Amelle gasped. “Sebastian, that is not fair!”
This time, when she looked at him, no lightness colored his expression, and no laughter shone in his eyes. This was no jest about kittens. He looked terribly, terribly sad. “It’s the truth, though. For all your talk of not wanting to be a burden or to be your sister’s responsibility… surely you must see that taking yourself away from her won’t change the way she feels. You are her family. Staying or going won’t alter that. So if you must leave, please, be certain you are going for your own reasons, the right reasons. Anything less…”
“I understand,” she whispered.
“I know you do,” he replied. Then, with a hint of mirth, he added, “I don’t suppose you have your sister’s flair for interior design? People have been bothering me for decisions about a guest room and I can’t think of anything appropriately outrageous enough. Thoughts?”
Amelle tapped her chin thoughtfully, resting against the back of the armchair she’d vacated. “Outrageous, huh? Hmm…” After a few moments of thought, she tilted her head at him, winked and grinned. “Well, if you’re so very fond of your noble subject Spero, perhaps you might decorate a guest room in her honor. I think kitten-print curtains are very much the done thing these days, don’t you? Embroidered mice on the coverlet?”
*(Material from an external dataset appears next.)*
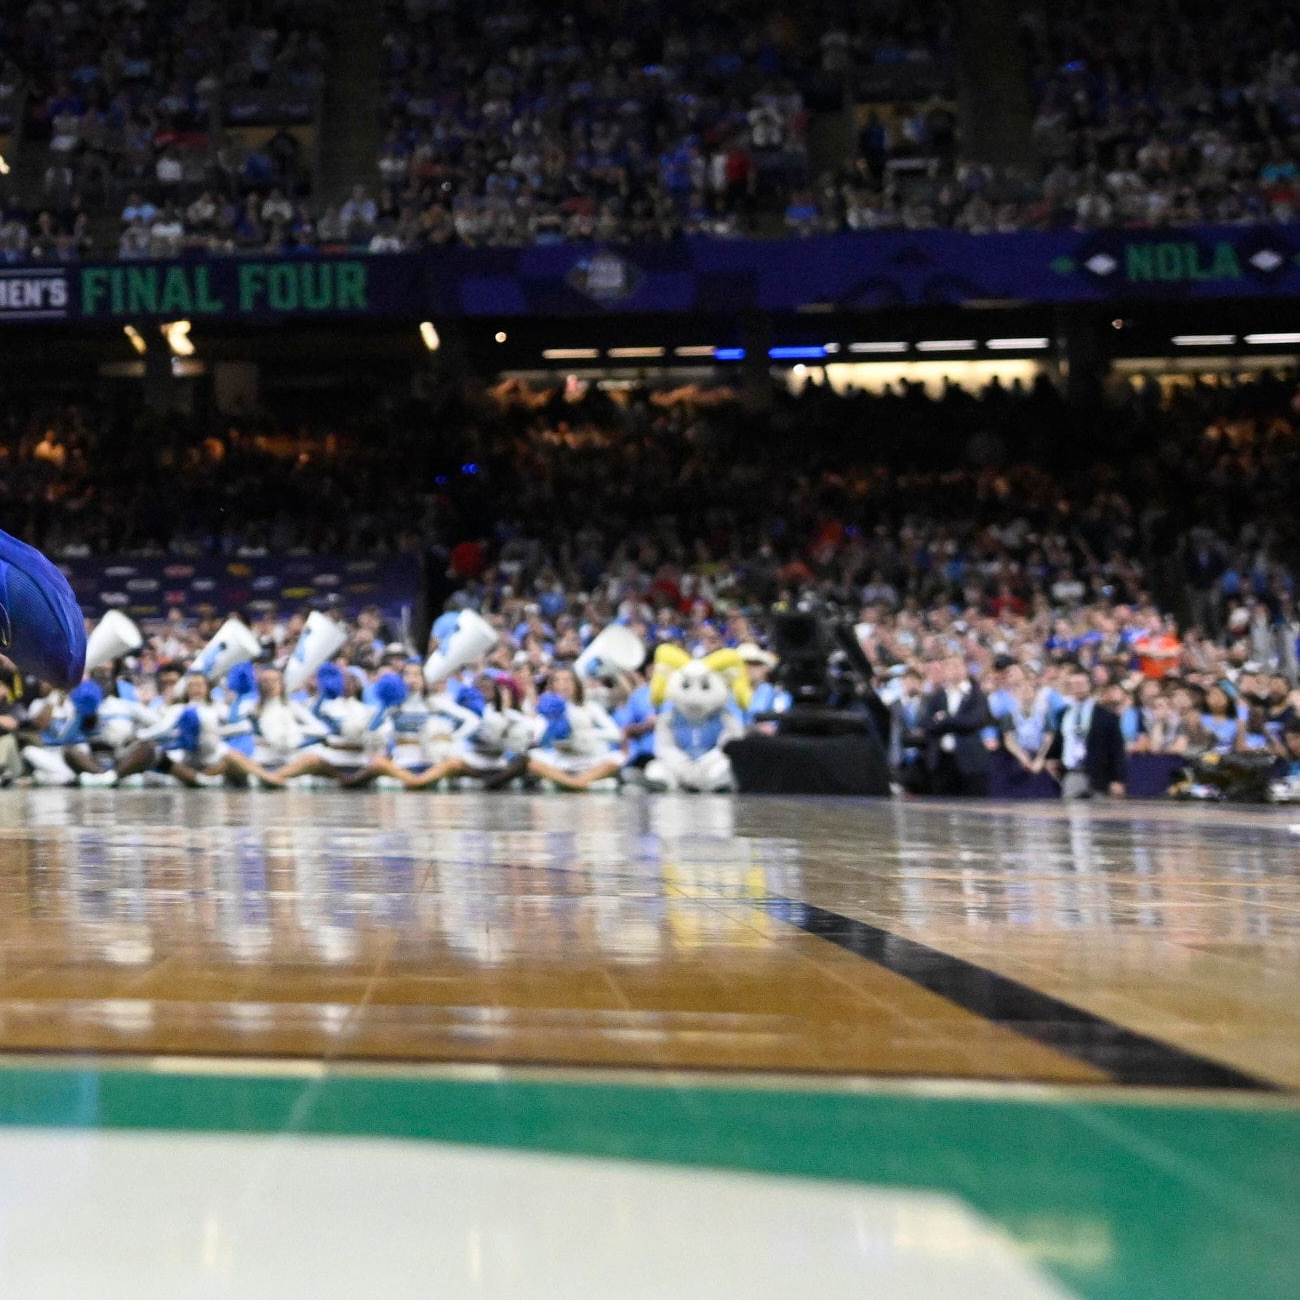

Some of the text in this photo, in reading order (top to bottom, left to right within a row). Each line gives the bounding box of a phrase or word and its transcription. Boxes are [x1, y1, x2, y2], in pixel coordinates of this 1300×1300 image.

A smile, entirely relaxed and beyond amused, changed Sebastian’s face more than Amelle could say. Any anxiety she’d felt upon entering this room was gone, the last lingering vestiges of it burned away by Sebastian’s deep laughter.
“Maker help me, Amelle Hawke, there are days I’m relieved to have you on my side.”
She smiled, and though not all her decisions were made, she felt something tight loosen in her chest, and a weight lift from her shoulders.